▸ **Prompt**
Retype all entries exactly as they stand, excluding pictures.

═════ Data section ═════

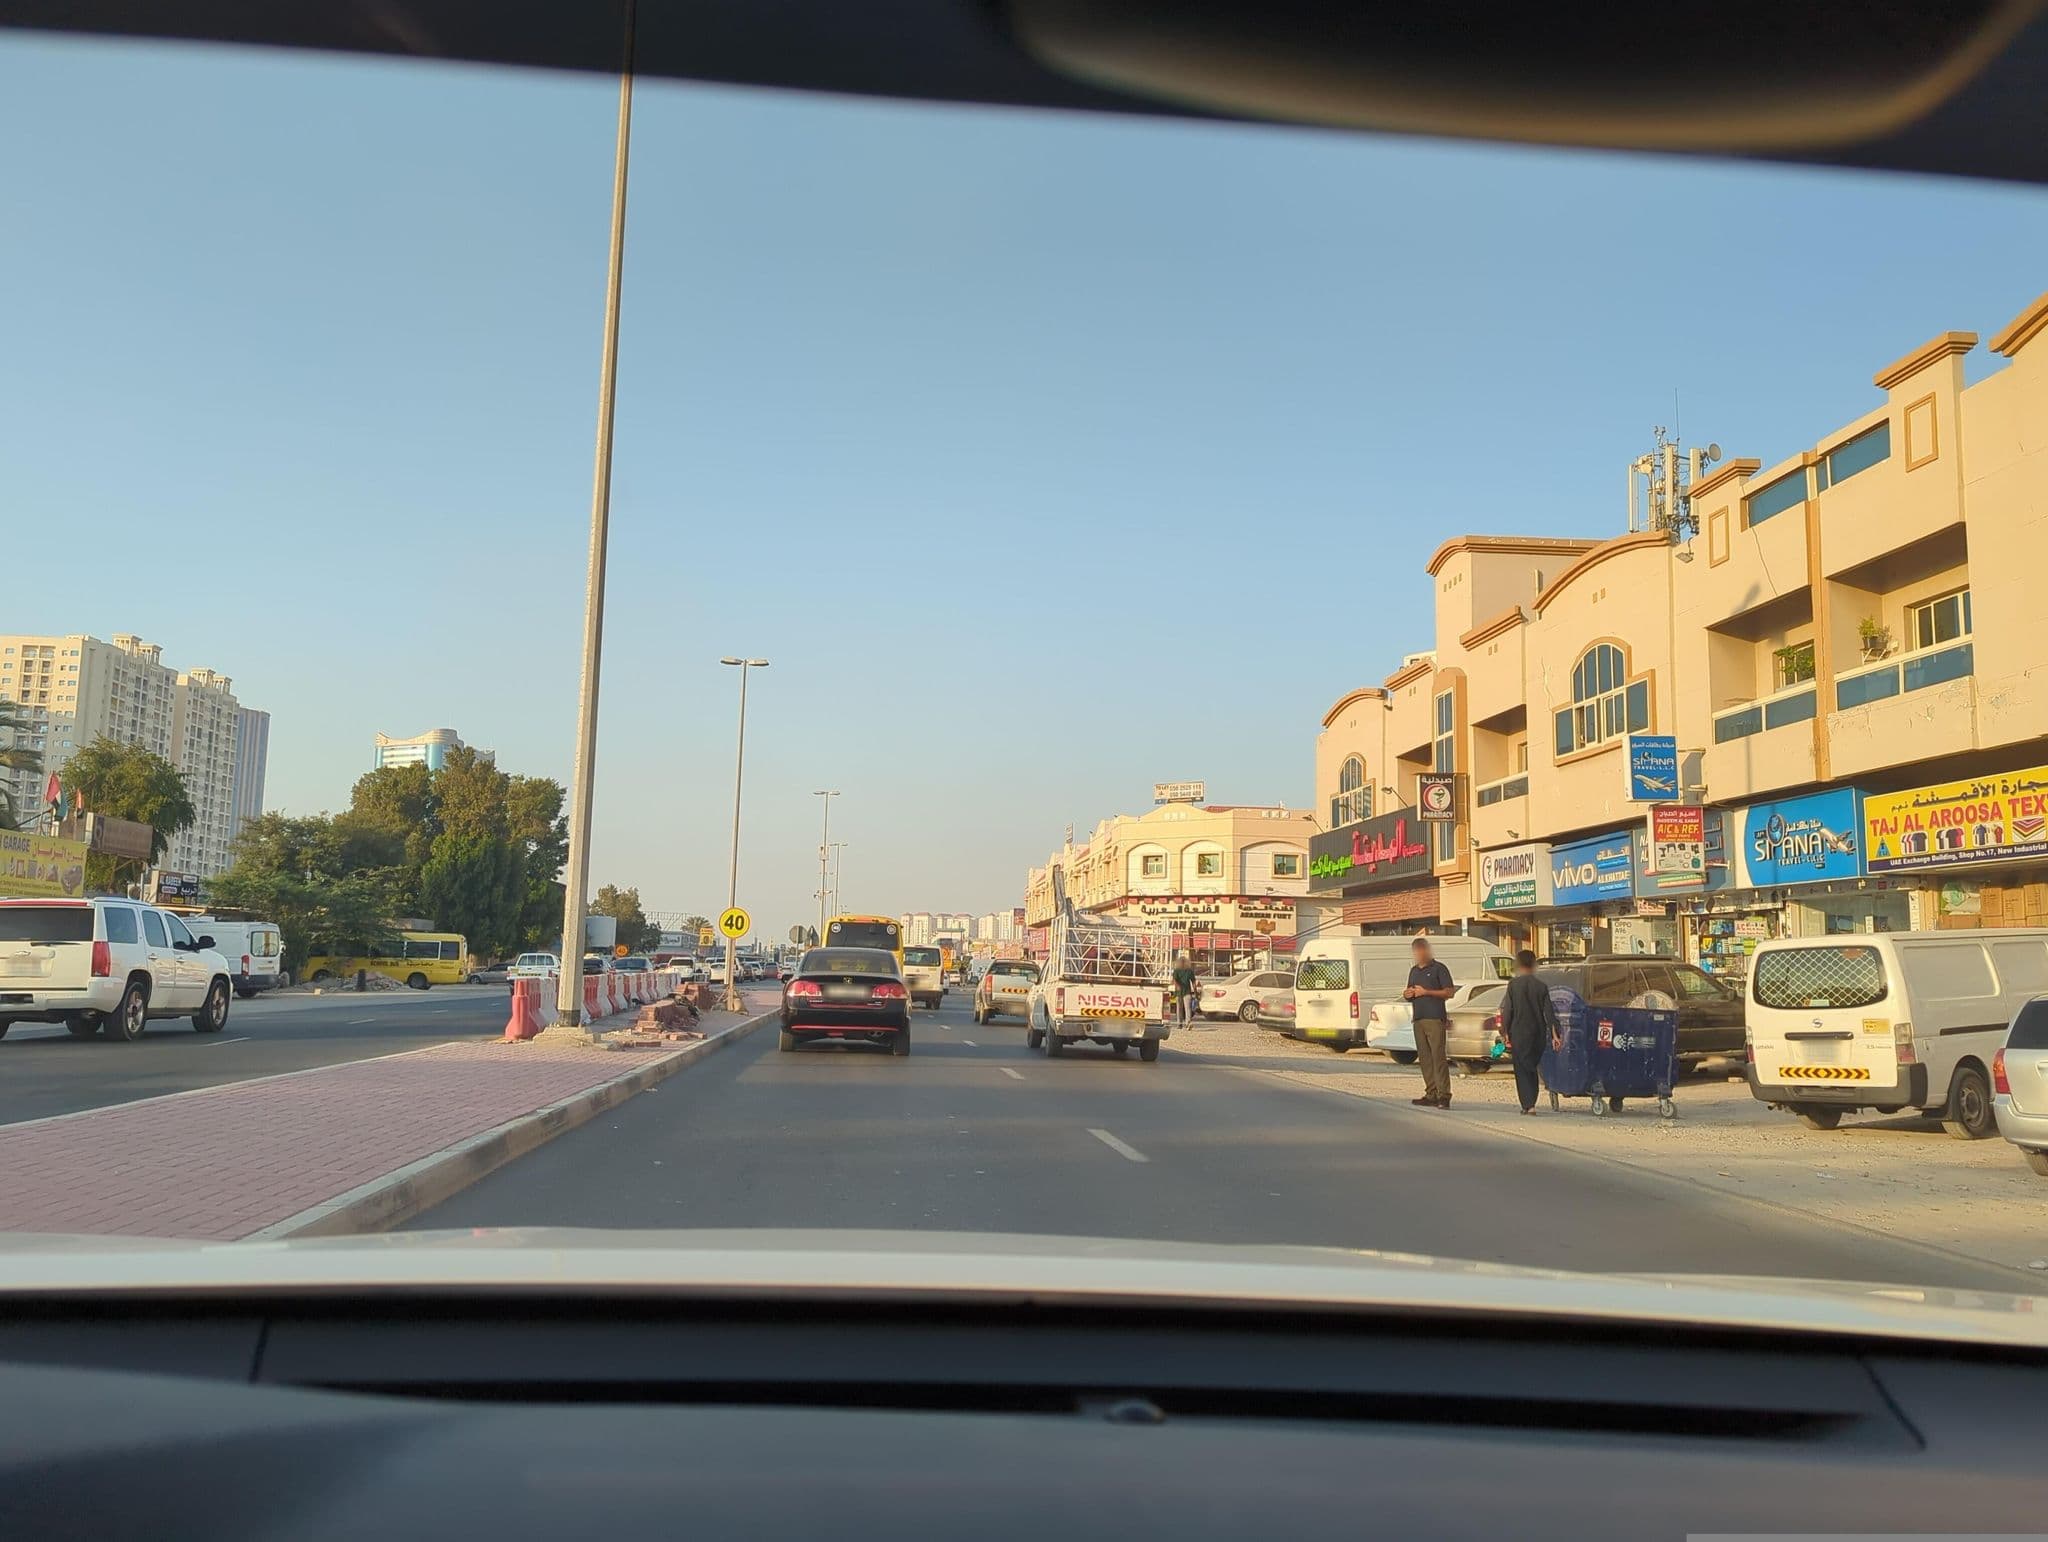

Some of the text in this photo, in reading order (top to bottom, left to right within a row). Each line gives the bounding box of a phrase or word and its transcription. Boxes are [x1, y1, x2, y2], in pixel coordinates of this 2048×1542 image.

[1422, 776, 1453, 784] صيدلية
[1870, 816, 1898, 837] TAJ
[1904, 813, 1924, 832] AL
[1929, 801, 2003, 829] AROOSA
[1657, 823, 1673, 834] A/C
[3, 835, 31, 853] GARAGE
[1903, 856, 1931, 865] Exchange
[1958, 851, 1975, 860] Shop
[1997, 846, 2013, 855] New
[2014, 843, 2048, 853] Industrial
[1494, 852, 1535, 877] PHARMACY
[1494, 894, 1536, 906] NEW LIFE PHARMACY
[1141, 904, 1220, 915] القلعة العربية
[724, 914, 745, 931] 40
[1078, 994, 1149, 1008] NISSAN
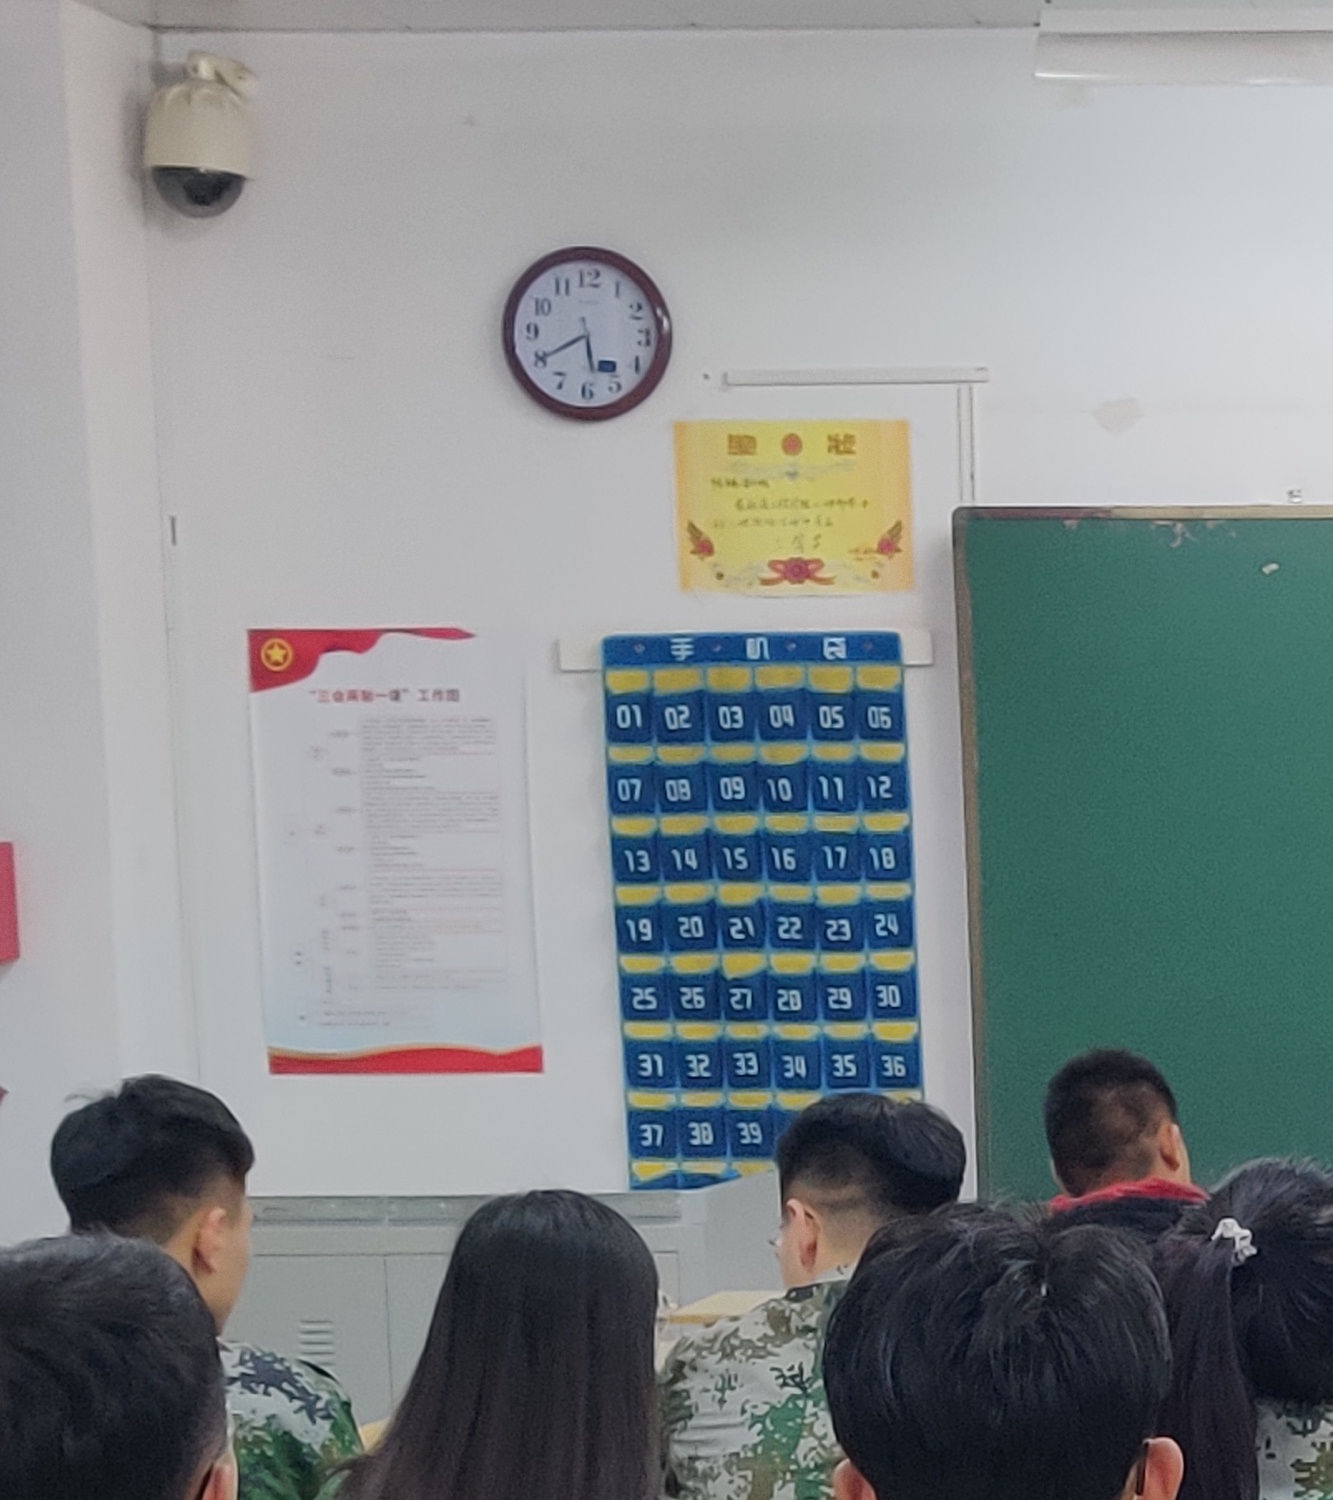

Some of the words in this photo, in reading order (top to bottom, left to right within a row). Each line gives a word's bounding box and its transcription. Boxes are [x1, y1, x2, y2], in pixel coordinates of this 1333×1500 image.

═════

▸ **Answer box**
Some of the text in this photo, in reading order (top to bottom, left to right within a row). Each line gives the bounding box of a phrase or word and its transcription. Boxes are [x1, y1, x2, y2], in pixel coordinates of this 2048×1542 image.

[1422, 776, 1453, 784] صيدلية
[1870, 816, 1898, 837] TAJ
[1904, 813, 1924, 832] AL
[1929, 801, 2003, 829] AROOSA
[1657, 823, 1673, 834] A/C
[3, 835, 31, 853] GARAGE
[1903, 856, 1931, 865] Exchange
[1958, 851, 1975, 860] Shop
[1997, 846, 2013, 855] New
[2014, 843, 2048, 853] Industrial
[1494, 852, 1535, 877] PHARMACY
[1494, 894, 1536, 906] NEW LIFE PHARMACY
[1141, 904, 1220, 915] القلعة العربية
[724, 914, 745, 931] 40
[1078, 994, 1149, 1008] NISSAN

Some of the words in this photo, in reading order (top to bottom, left to right within a row). Each line gives a word's bounding box and its transcription. Boxes are [x1, y1, x2, y2], in pixel coordinates of this 1333×1500 image.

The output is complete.